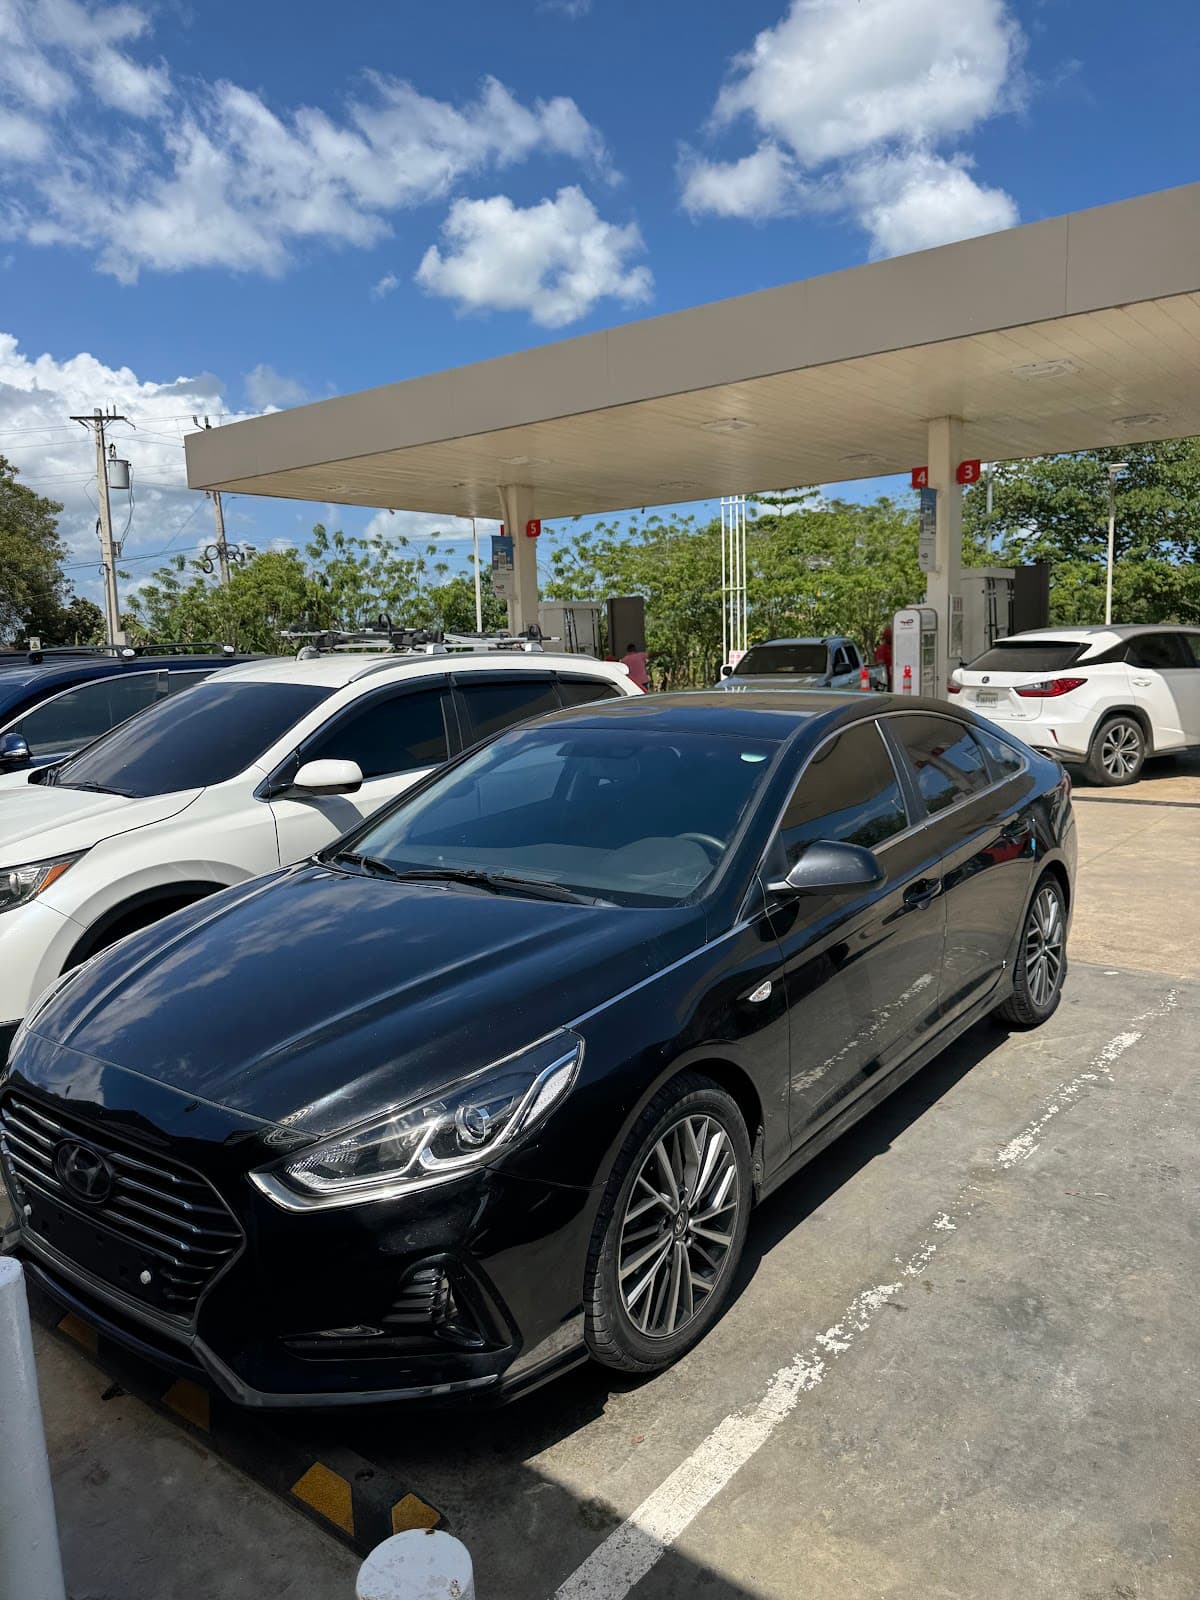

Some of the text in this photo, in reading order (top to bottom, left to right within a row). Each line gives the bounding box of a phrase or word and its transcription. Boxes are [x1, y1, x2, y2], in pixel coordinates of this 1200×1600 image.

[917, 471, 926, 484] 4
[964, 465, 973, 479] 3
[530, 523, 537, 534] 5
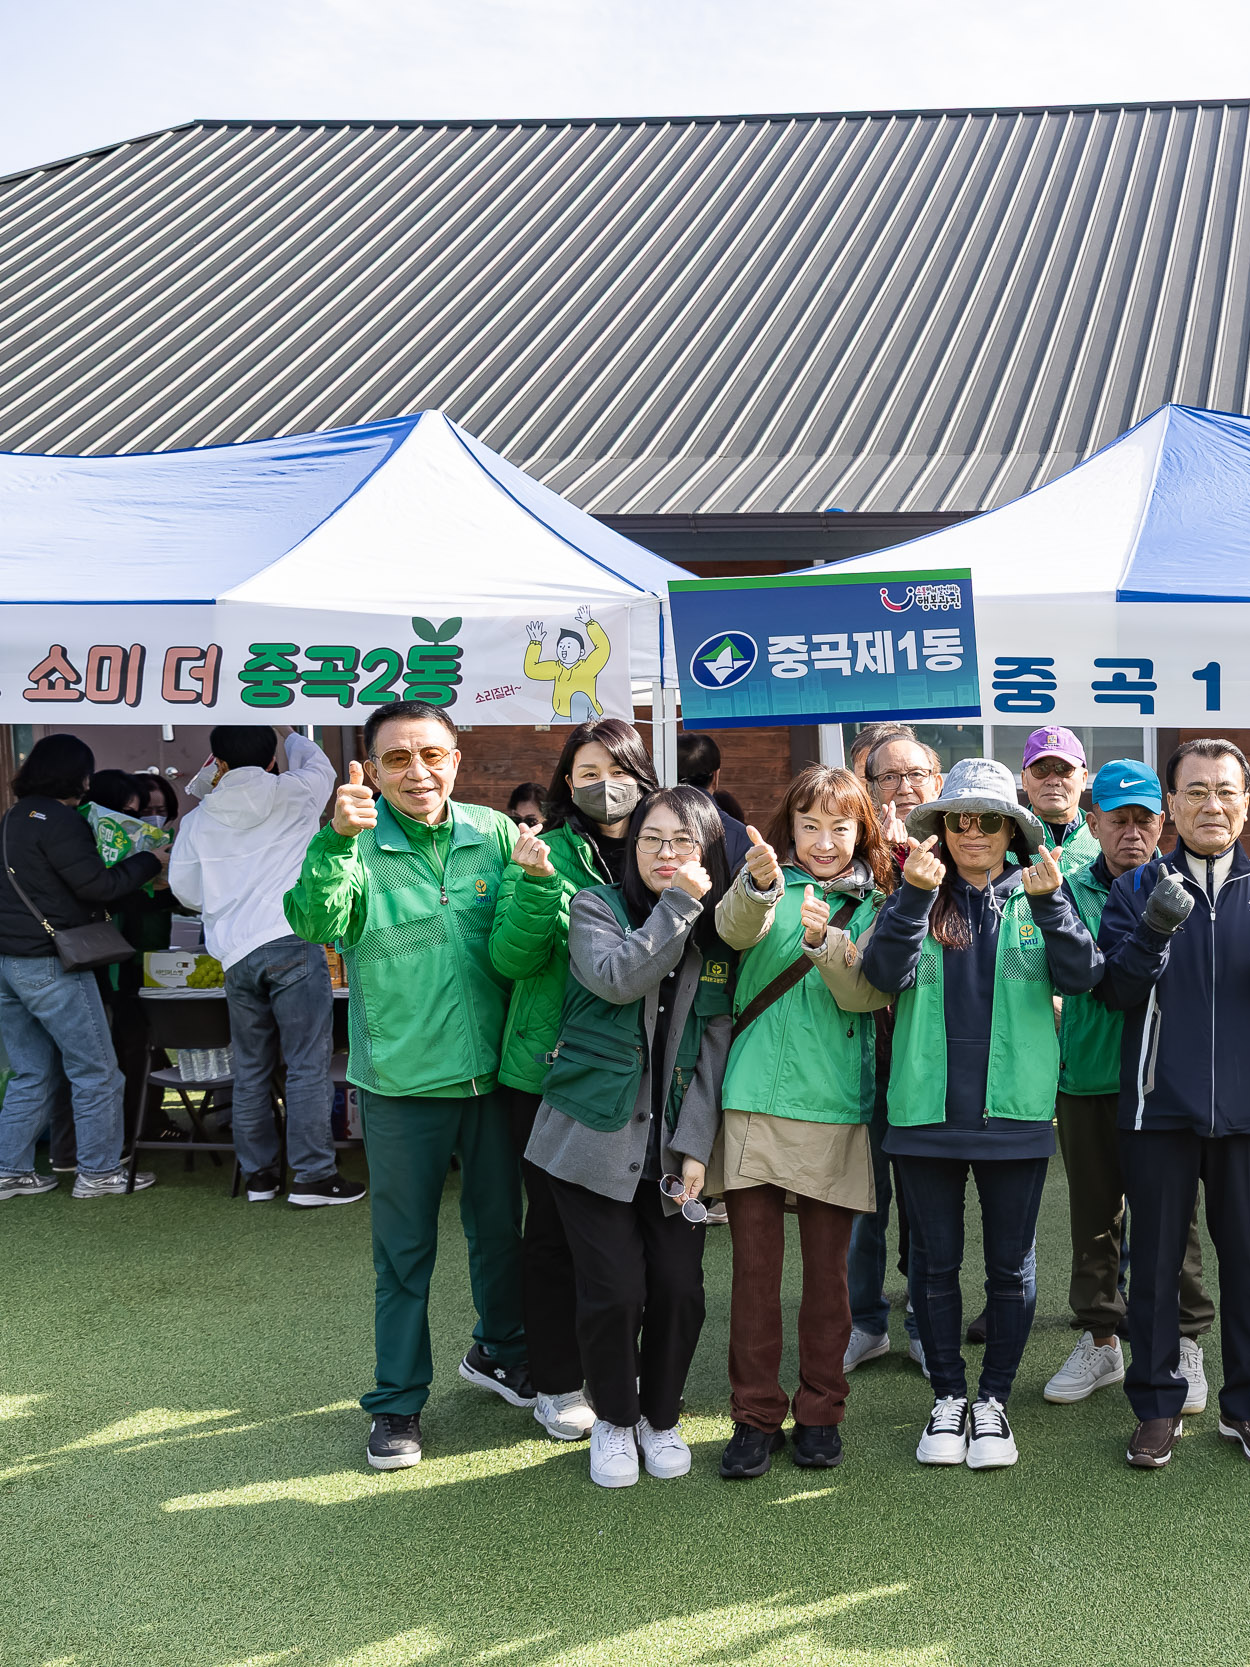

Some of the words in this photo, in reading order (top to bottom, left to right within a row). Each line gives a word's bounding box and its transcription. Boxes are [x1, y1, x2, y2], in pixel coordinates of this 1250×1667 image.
◇ ◇ ◇ ◇ ◇ ◇ ◇
**Required action**.
Restate the data above word for word, so that the only difference is the missing pictures.

**Finished exercise**.
Some of the text in this photo, in reading order (top to bottom, left to right within a row). Each line gives the bounding box of a phrase or word and its transcription. Boxes are [x1, y1, x2, y2], in pixel coordinates of this 1200×1600 image.

[917, 471, 926, 484] 4
[964, 465, 973, 479] 3
[530, 523, 537, 534] 5

Some of the words in this photo, in reading order (top to bottom, left to right within a row). Each line gives a word's bounding box and its transcription. Boxes are [x1, y1, x2, y2], in pixel coordinates of this 1250×1667 image.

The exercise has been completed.